La 'estopaína' 2.0. causa furor en el Palacio de los Deportes.

Los hermanos Muñoz ayer en el Palacio de los Deportes de Madrid.
Los hermanos Muñoz ayer en el Palacio de los Deportes de Madrid.CLAUDIO ÁLVAREZ

Definitivamente, hay mucho madrileño al que nunca encontraremos por las inmediaciones del club Gabana. Mucho chavalito de extracción periférica que araña en las profundidades abisales de los bolsillos, le guiña el ojo a la yaya cuando le desliza una propina en el pantalón y anoche tuvo que consultar el horario de búhos para averiguar cómo demonios regresar al barrio después de dos horas bien cumplidas de concierto.
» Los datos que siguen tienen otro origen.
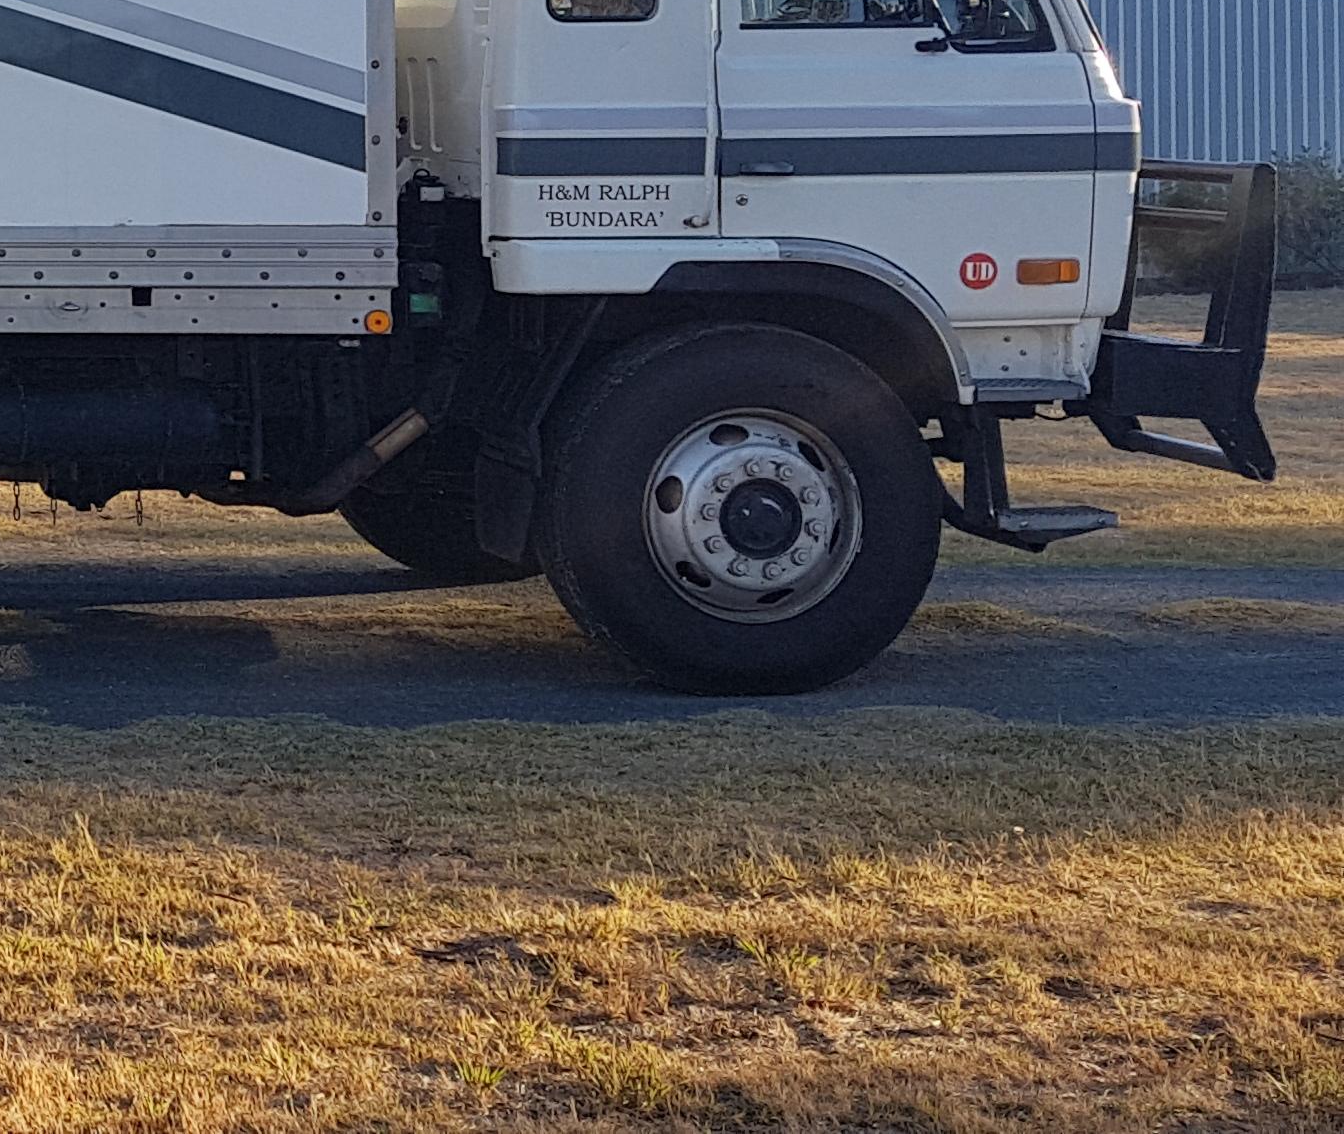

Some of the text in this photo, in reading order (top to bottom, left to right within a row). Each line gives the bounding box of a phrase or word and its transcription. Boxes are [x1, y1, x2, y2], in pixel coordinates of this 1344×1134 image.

Pero la música cura casi todas las penas, o al menos las anestesia, así que nuestro protagonista termina cuadrando un balance mucho más peliagudo que el de las cotizantes en el Ibex 35 y mandándole a la novia un privado por Tuenti: “Que nos vamos a Estopa, chula”.
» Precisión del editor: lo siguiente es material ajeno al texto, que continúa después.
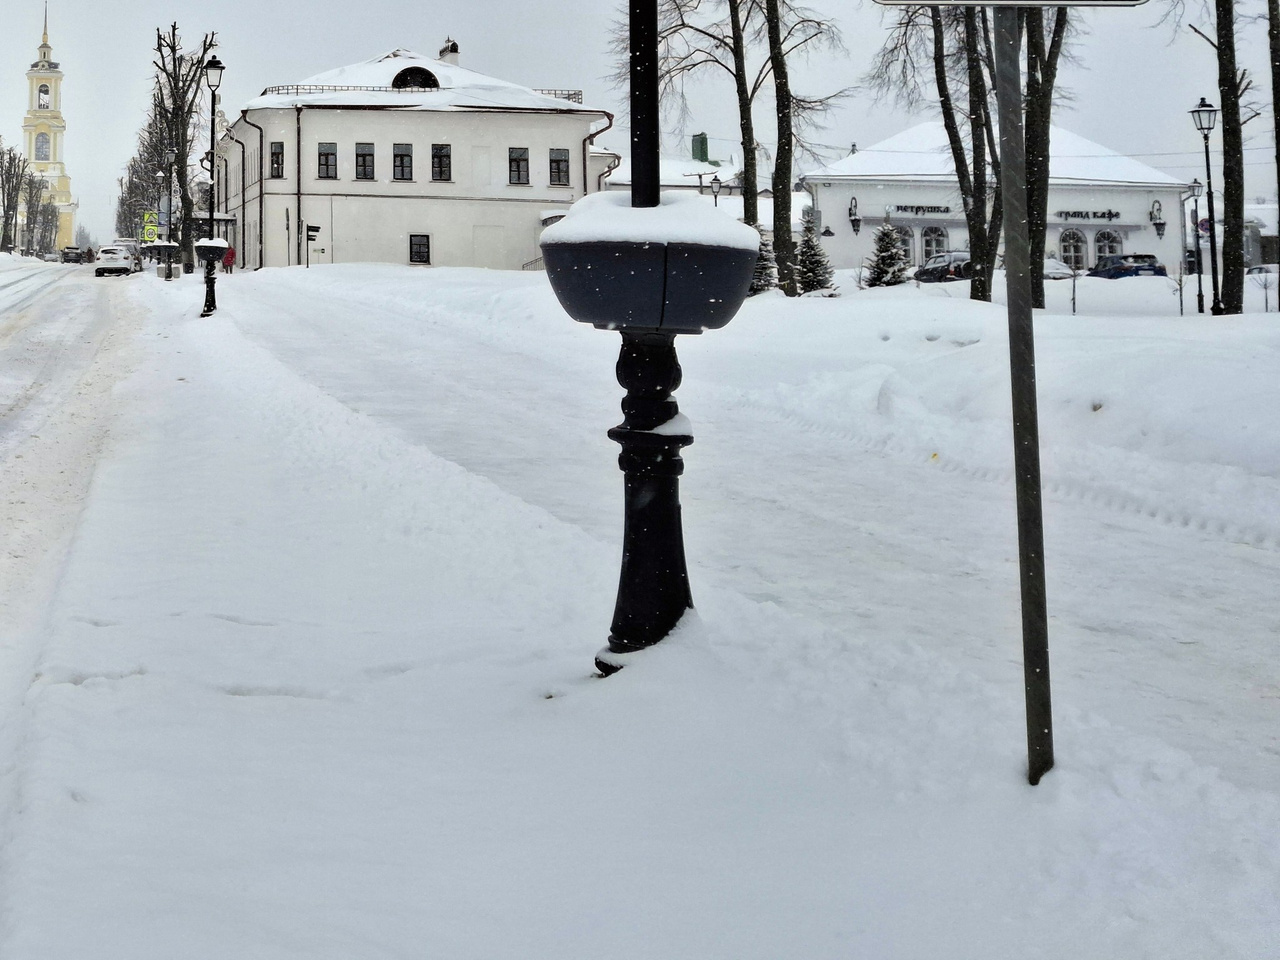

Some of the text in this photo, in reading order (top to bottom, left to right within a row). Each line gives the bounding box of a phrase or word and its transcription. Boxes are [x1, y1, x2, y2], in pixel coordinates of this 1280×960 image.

[896, 205, 950, 215] петрушка
[1059, 209, 1120, 221] гранд кафе
Solo así, a golpe de perseverancia e ingenio, se explica el llenazo pasmoso que ayer vivió el Palacio de los Deportes para recibir a los Muñoz con honores de hijos pródigos. Y ahí estaban nuestros charnegos favoritos, con su irrenunciable gesto entre socarrón y atónito, dándole las gracias a un pabellón (“un saludo para quienes no miran a la gente por encima del hombro”) abarrotado y entusiasta. Con la que está cayendo.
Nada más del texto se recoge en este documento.